Les régions en route pour la manifestation nationale contre la PMA sans père et la GPA

Par Epoch Times avec AFP
6 octobre 2019 Mis à jour: 6 octobre 2019

Sept ans après les mobilisations monstre contre le mariage pour tous, les opposants à l’ouverture de la PMA à toutes les femmes défilent dimanche à Paris, demandant au gouvernement de renoncer à cette promesse de campagne d’Emmanuel Macron.

Les organisateurs, réunis au sein d’un collectif d’une vingtaine d’associations dont la Manif pour tous, ont donné rendez-vous à 13H00 près du Sénat, où une commission spéciale doit se pencher à partir du 15 octobre sur le projet de loi bioéthique.

Le cortège, qui doit suivre un court trajet jusqu’à la Tour Montparnasse, sera-t-il aussi fourni que lors des manifestations contre la loi Taubira en 2012-2013, qui avaient vu jusqu’à 340.000 personnes dans les rues selon la police – jusqu’à 1,4 million selon les organisateurs ?

« Le déroulement et l’ambiance de la manifestation sont aussi importants que son ampleur », selon la présidente de la Manif pour tous Ludovine de la Rochère.

Son mouvement est rejoint au sein du collectif par les Associations familiales catholiques (AFC) et Alliance Vita. Plus de trois millions de tracts ont été distribués, des affiches ont aussi annoncé la manifestation depuis des semaines, deux TGV spéciaux ont été affrétés et plus d’une centaine de cars complets sont prévus depuis toute la France.

« Ce ne sera pas ridicule. Ce sera sans doute comparable aux chiffres de la première manifestation de 2012, autour de 100.000 personnes », pronostique Pascale Morinière, présidente des AFC.

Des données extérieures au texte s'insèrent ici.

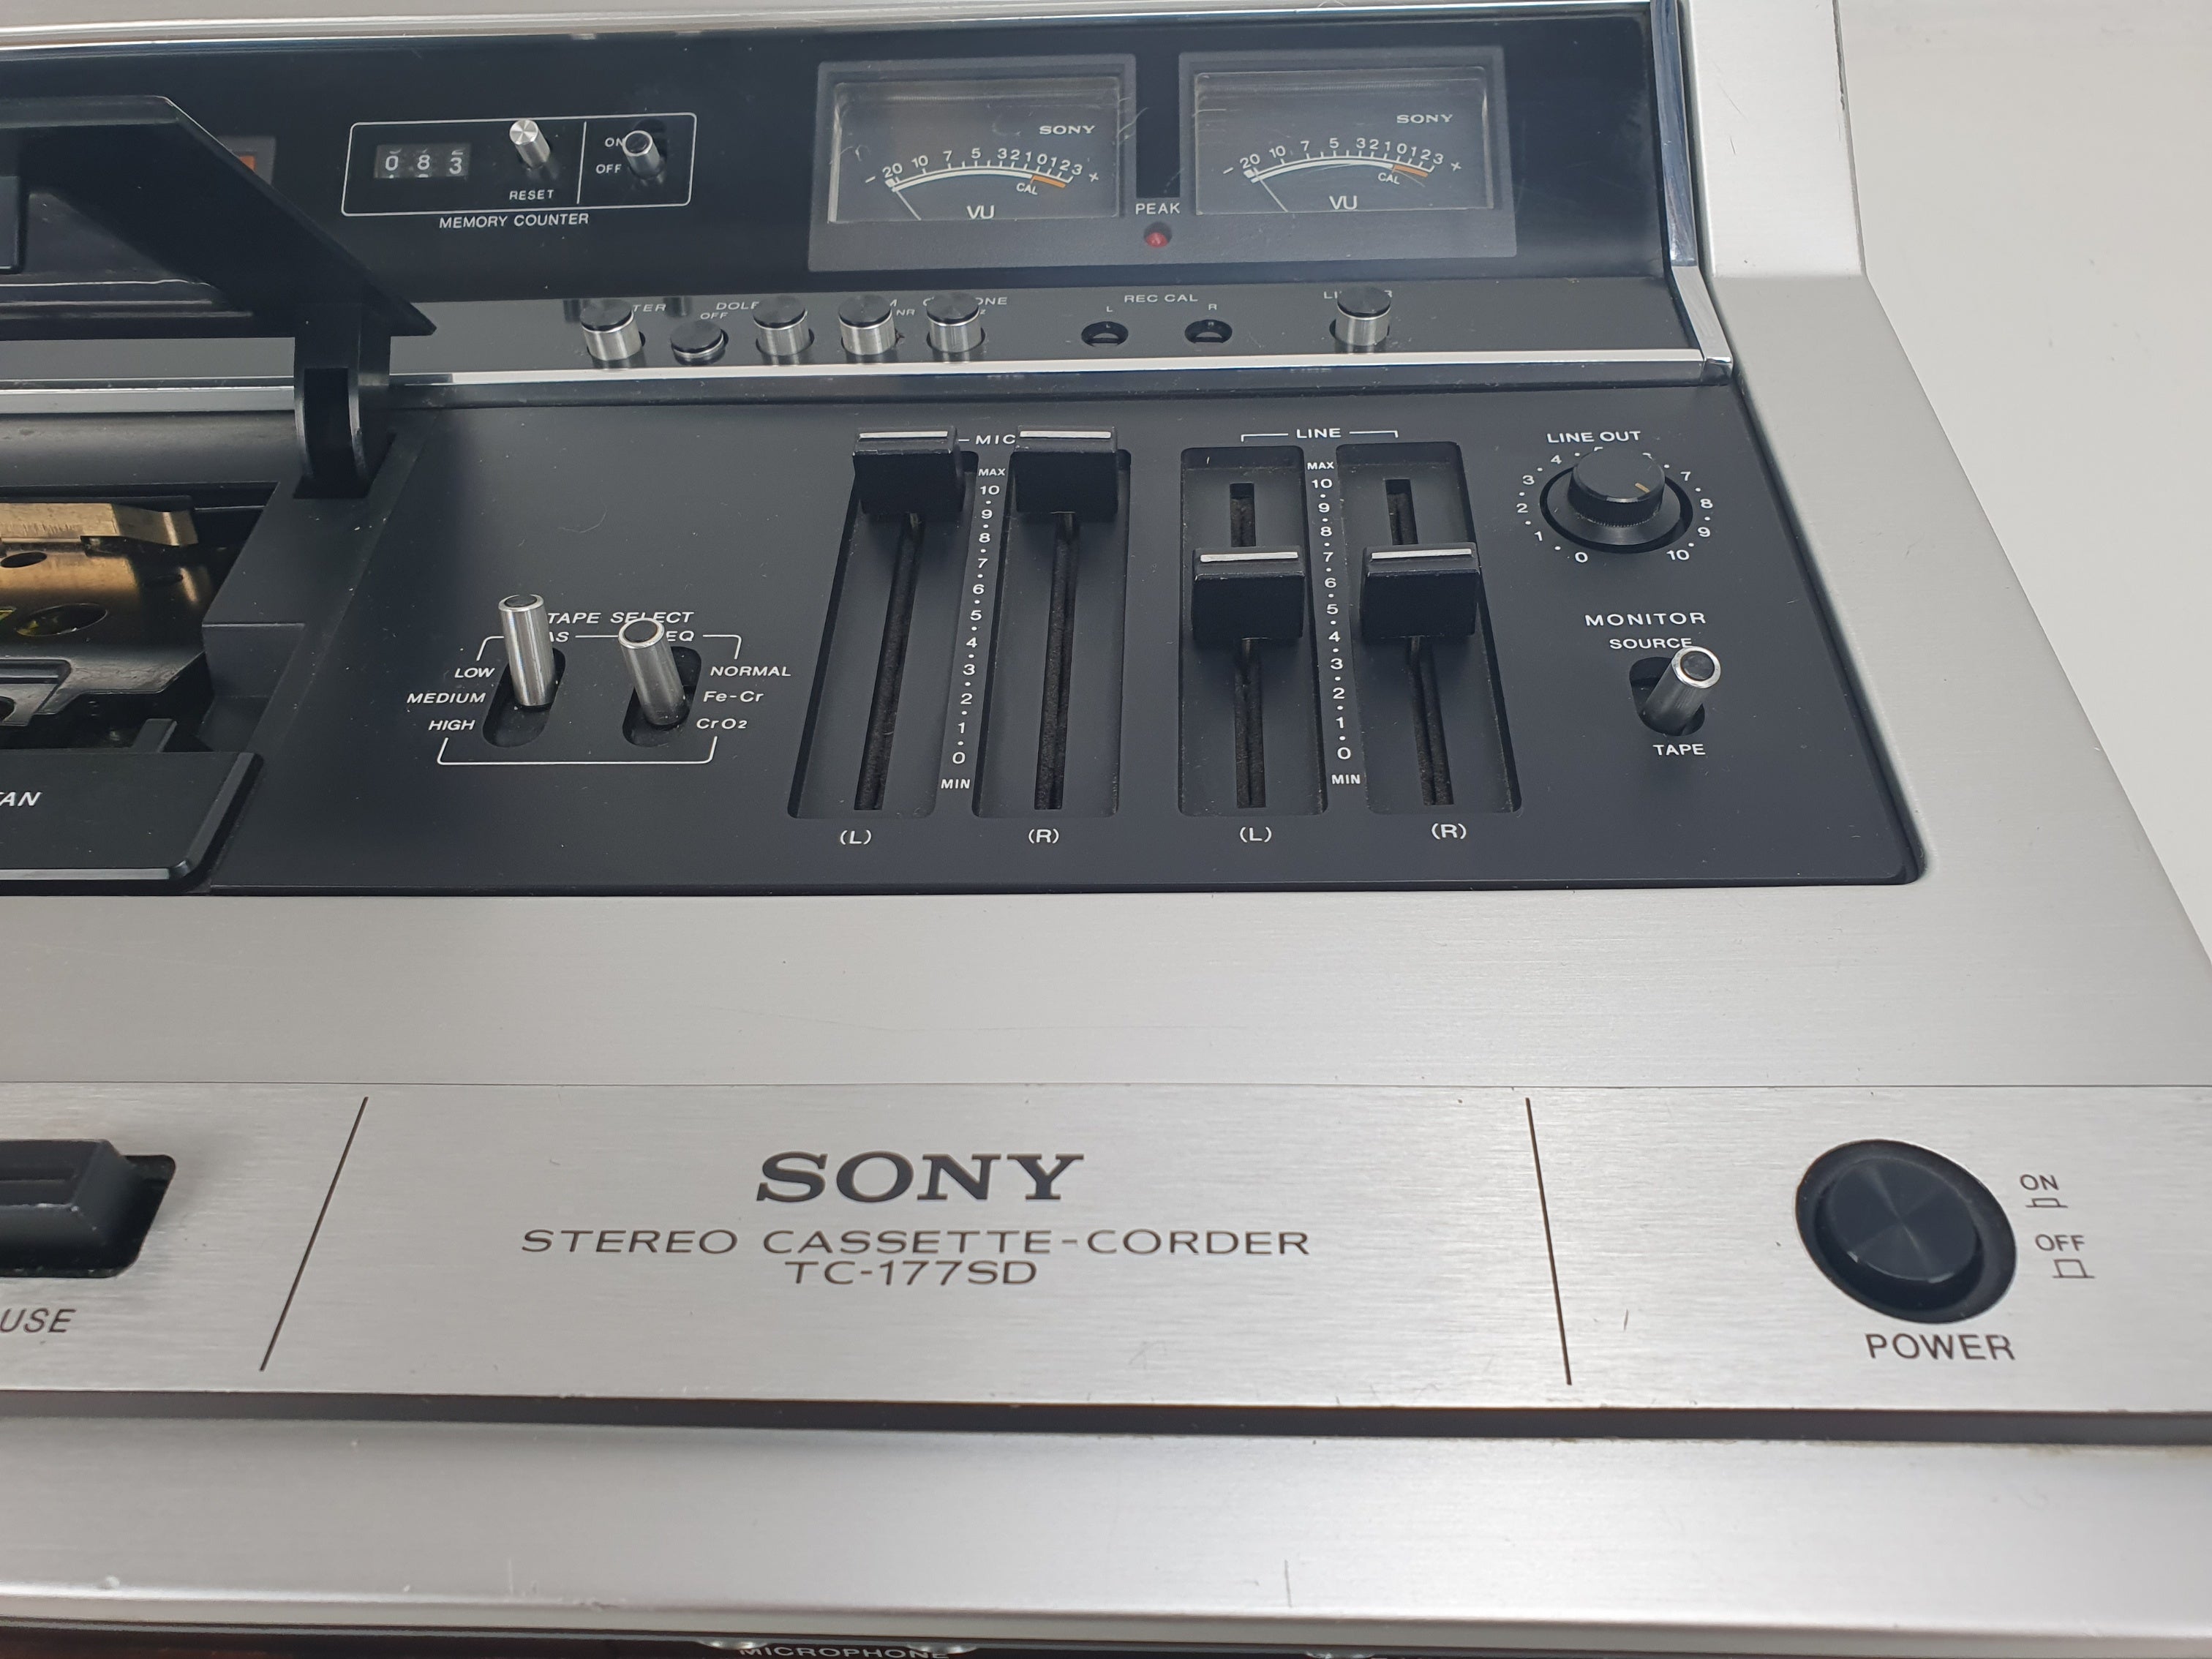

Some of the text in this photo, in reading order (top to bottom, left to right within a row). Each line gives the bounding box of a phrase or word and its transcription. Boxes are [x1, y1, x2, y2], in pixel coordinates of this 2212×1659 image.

[1396, 114, 1453, 124] SONY
[1039, 125, 1095, 135] SONY
[604, 137, 624, 148] ON
[1239, 154, 1261, 170] 20
[1268, 145, 1286, 159] 10
[1300, 140, 1309, 151] 7
[1329, 138, 1339, 148] 5
[1355, 138, 1366, 149] 3
[1369, 138, 1379, 150] 2
[1396, 143, 1407, 156] 0
[1420, 148, 1432, 160] 2
[1432, 151, 1444, 165] 3
[882, 162, 903, 178] 20
[911, 155, 929, 168] 10
[943, 150, 952, 162] 7
[971, 147, 981, 159] 5
[997, 148, 1007, 159] 3
[1010, 149, 1020, 161] 2
[1037, 153, 1047, 166] 0
[1059, 159, 1071, 173] 2
[1071, 162, 1083, 176] 3
[595, 164, 622, 174] OFF
[1377, 170, 1401, 185] CAL
[1016, 181, 1039, 195] CAL
[509, 189, 554, 200] RESET
[1135, 202, 1181, 215] PEAK
[1329, 195, 1358, 211] VU
[966, 205, 995, 220] VU
[438, 212, 589, 229] MEMORY COUNTER
[1124, 293, 1198, 303] REC CAL
[633, 304, 666, 312] TER
[700, 312, 728, 320] OFF
[1296, 428, 1342, 439] LINE
[1546, 431, 1641, 443] LINE OUT
[975, 434, 1016, 445] MIC
[1550, 454, 1562, 464] 4
[1307, 461, 1335, 470] MAX
[978, 468, 1006, 476] MAX
[1680, 471, 1691, 481] 7
[1312, 478, 1333, 489] 10
[1522, 475, 1535, 485] 3
[979, 485, 1000, 495] 10
[1318, 503, 1330, 513] 9
[1516, 503, 1529, 514] 2
[1700, 498, 1713, 509] 8
[981, 509, 993, 519] 9
[1320, 526, 1333, 537] 8
[1534, 531, 1543, 541] 1
[1697, 527, 1711, 538] 9
[979, 533, 990, 543] 8
[1323, 552, 1333, 563] 7
[1575, 552, 1588, 563] 0
[1666, 549, 1690, 560] 10
[978, 557, 988, 568] 7
[1324, 577, 1337, 588] 6
[972, 584, 985, 595] 6
[1326, 603, 1339, 615] 5
[548, 612, 601, 624] TAPE
[970, 609, 982, 621] 5
[1584, 612, 1706, 626] MONITOR
[665, 630, 695, 642] EQ
[1328, 631, 1341, 642] 4
[966, 637, 978, 648] 4
[1609, 638, 1693, 650] SOURCE
[963, 663, 975, 676] 3
[1330, 658, 1343, 670] 3
[454, 667, 495, 678] LOW
[710, 666, 791, 677] NORMAL
[407, 692, 486, 704] MEDIUM
[703, 691, 764, 702] Fe-Cr
[960, 693, 973, 704] 2
[1333, 687, 1345, 699] 2
[428, 719, 475, 731] HIGH
[958, 722, 965, 734] 1
[1336, 716, 1344, 729] 1
[1337, 747, 1351, 760] 0
[1652, 743, 1706, 756] TAPE
[952, 751, 966, 764] 0
[941, 778, 971, 789] MIN
[1331, 774, 1361, 785] MIN
[0, 791, 42, 807] AN
[1028, 828, 1059, 844] (R)
[1239, 827, 1272, 843] (L)
[1431, 823, 1467, 840] (R)
[840, 830, 872, 845] (L)
[755, 1151, 1085, 1204] SONY
[2019, 1173, 2060, 1192] ON
[521, 1228, 1309, 1255] STEREO CASSETTE-CORDER
[2034, 1233, 2085, 1252] OFF
[783, 1259, 1037, 1287] TC-177SD
[1865, 1332, 2016, 1361] POWER

Les opposants à la PMA tentent aussi de tirer profit du vote jeudi à l’Assemblée nationale d’un amendement automatisant la reconnaissance en France de la filiation sous forme d’adoption, entre un parent d’intention et un enfant conçu par GPA à l’étranger.

Le gouvernement, opposé à cet amendement, a aussitôt demandé une seconde délibération.

La Conférence des évêques a sans surprise adopté une position médiane et n’a pas donné pas la consigne aux catholiques de se rendre à la manifestation, tout en estimant par la voix de son président Eric de Moulins-Beaufort qu’il était de leur « devoir » de le faire « s’ils pensent que c’est un moyen utile pour se faire entendre ».